Art, Architecture and More Pre-1800 Books from Charles Wood
By Michael Stillman
Just released by Charles Wood Antiquarian Booksellers is their catalogue 127: Art, Architecture, Garden History and Related Subjects. Books in English Before 1800. Since there were not a lot of architectural and related texts being published that early in the rest of the English-speaking world, it is a safe assumption that these books carry British imprints. Wood may come from Cambridge, The New World, but these books come from the environs of the Old World Cambridge. Not that all were originally in the English language. There are numerous books first published on the continent, which only made their way to English via translation. Nevertheless, this catalogue is filled with books that made their mark in both the new and old worlds, some having appeared in the libraries of notable Americans such as Benjamin Franklin and Thomas Jefferson. They remain appropriate to libraries on both sides of the Atlantic today, though perhaps more as collectibles than tools for practical use. Then again, artistic design never grows old, so designers may find some ideas still worthy of emulation today. Here are a few of the books Woods has to offer.

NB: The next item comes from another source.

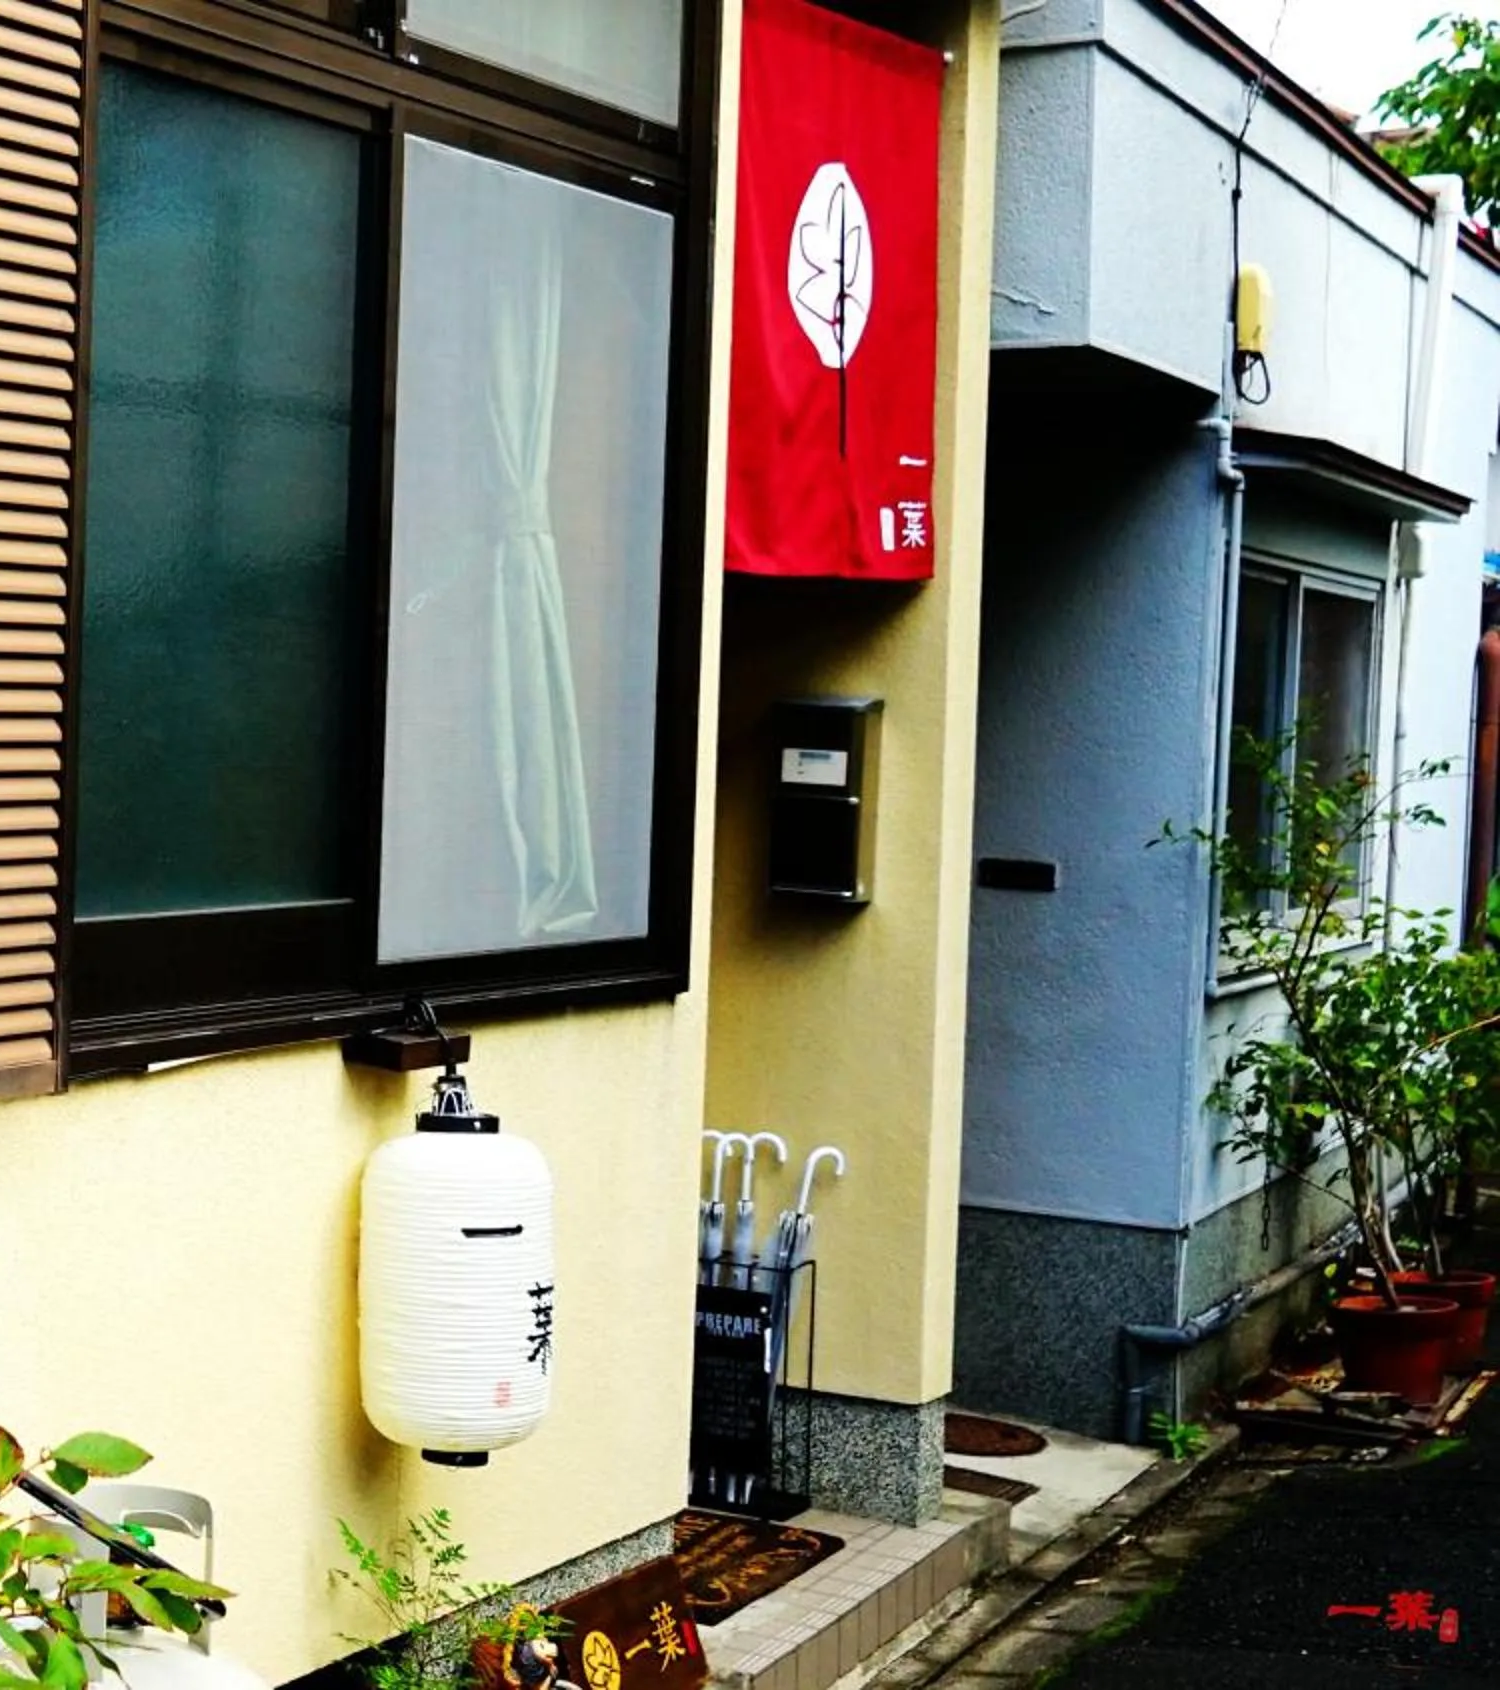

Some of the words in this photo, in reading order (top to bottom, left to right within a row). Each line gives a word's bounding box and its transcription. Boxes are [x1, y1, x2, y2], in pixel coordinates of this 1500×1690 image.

[897, 455, 927, 549] 一葉
[696, 1311, 761, 1335] PREPARE
[624, 1601, 686, 1673] 一葉

This is an example of a book that worked its way from Paris to London and then America. The title is Fires improved: or a new method of building chimneys, so as to prevent their smoaking... Originally published in Paris in 1713, this is the first English edition from 1715. The book describes improvements in chimneys designed by author Nicolas Gauger which would provide the starting point for Benjamin Franklin's Pennsylvania or Franklin stove. Franklin recognized Gauger's work for its influence on him, and it is likely that this 1715 English edition is one the American inventor read. Item 35. Priced at $1,500.

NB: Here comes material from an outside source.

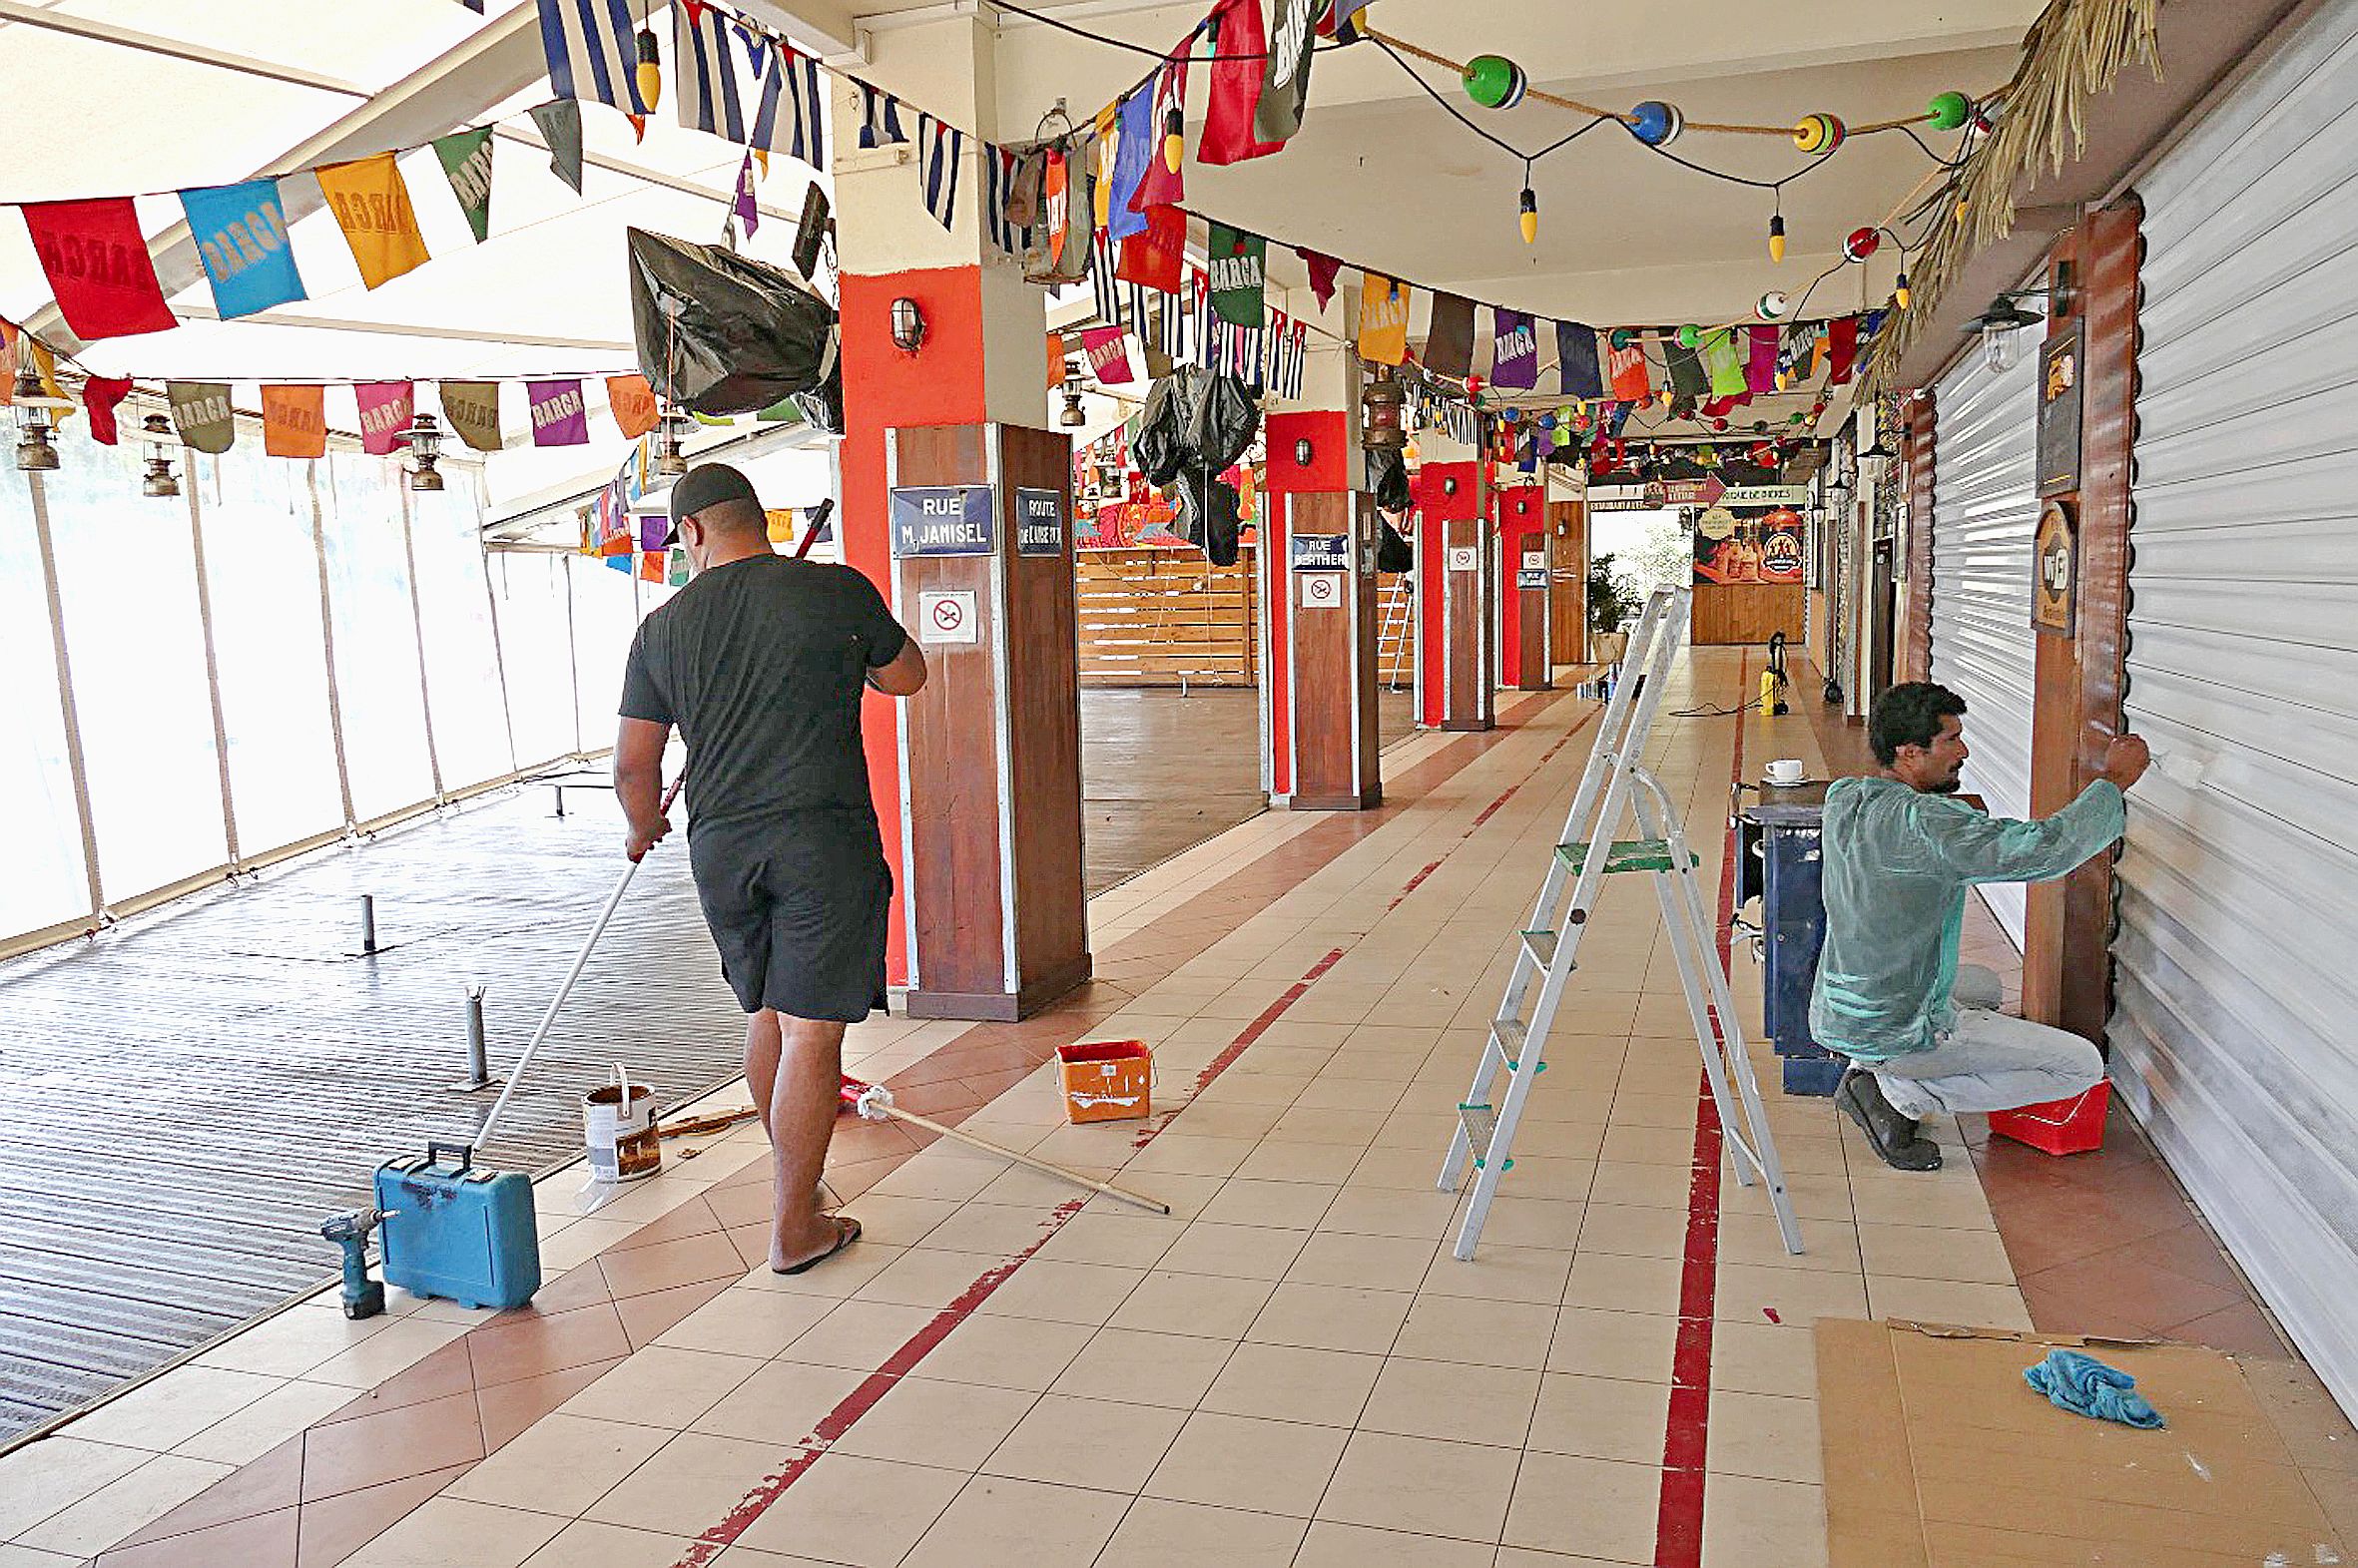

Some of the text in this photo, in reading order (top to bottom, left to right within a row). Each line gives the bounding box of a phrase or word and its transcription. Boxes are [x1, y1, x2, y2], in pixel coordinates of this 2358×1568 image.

[532, 389, 582, 428] BARCA
[923, 499, 960, 516] RUE
[1029, 499, 1056, 517] ROUTE
[1309, 540, 1332, 551] RUE

Item 32 presents Franklin's findings on the subject. The title is Observations on smoky chimneys. Their causes and cure; with considerations on fuel and stoves. This is a third British edition, published in London in 1793. Franklin was, so to speak, a master electrician and heating contractor of his day, along with being just about the most important statesman of Revolutionary America. $1,100.
Here is a book that comes with the most cogent of criticism from Samuel Pepys. Sir Balthazar Gerbier wrote this book, entitled The first and second part of counsel and advice to all builders for the choice of their surveyors, clerks of the works, bricklayers, masons, carpenters and other workmen therein concerned. At one point, the overly generous Gerbier dedicates the book to 38 different people. This was too much for Pepys, who apparently did not like the book anyway. Pepys bitingly remarks that the book is dedicated to "almost all the men of any great condition in England, so that the epistles are more than the book itself; and both it and them not worth a turd, that I am ashamed that I bought it." Hopefully, if you buy this book, you will not feel the same as Pepys. Item 36. $2,600.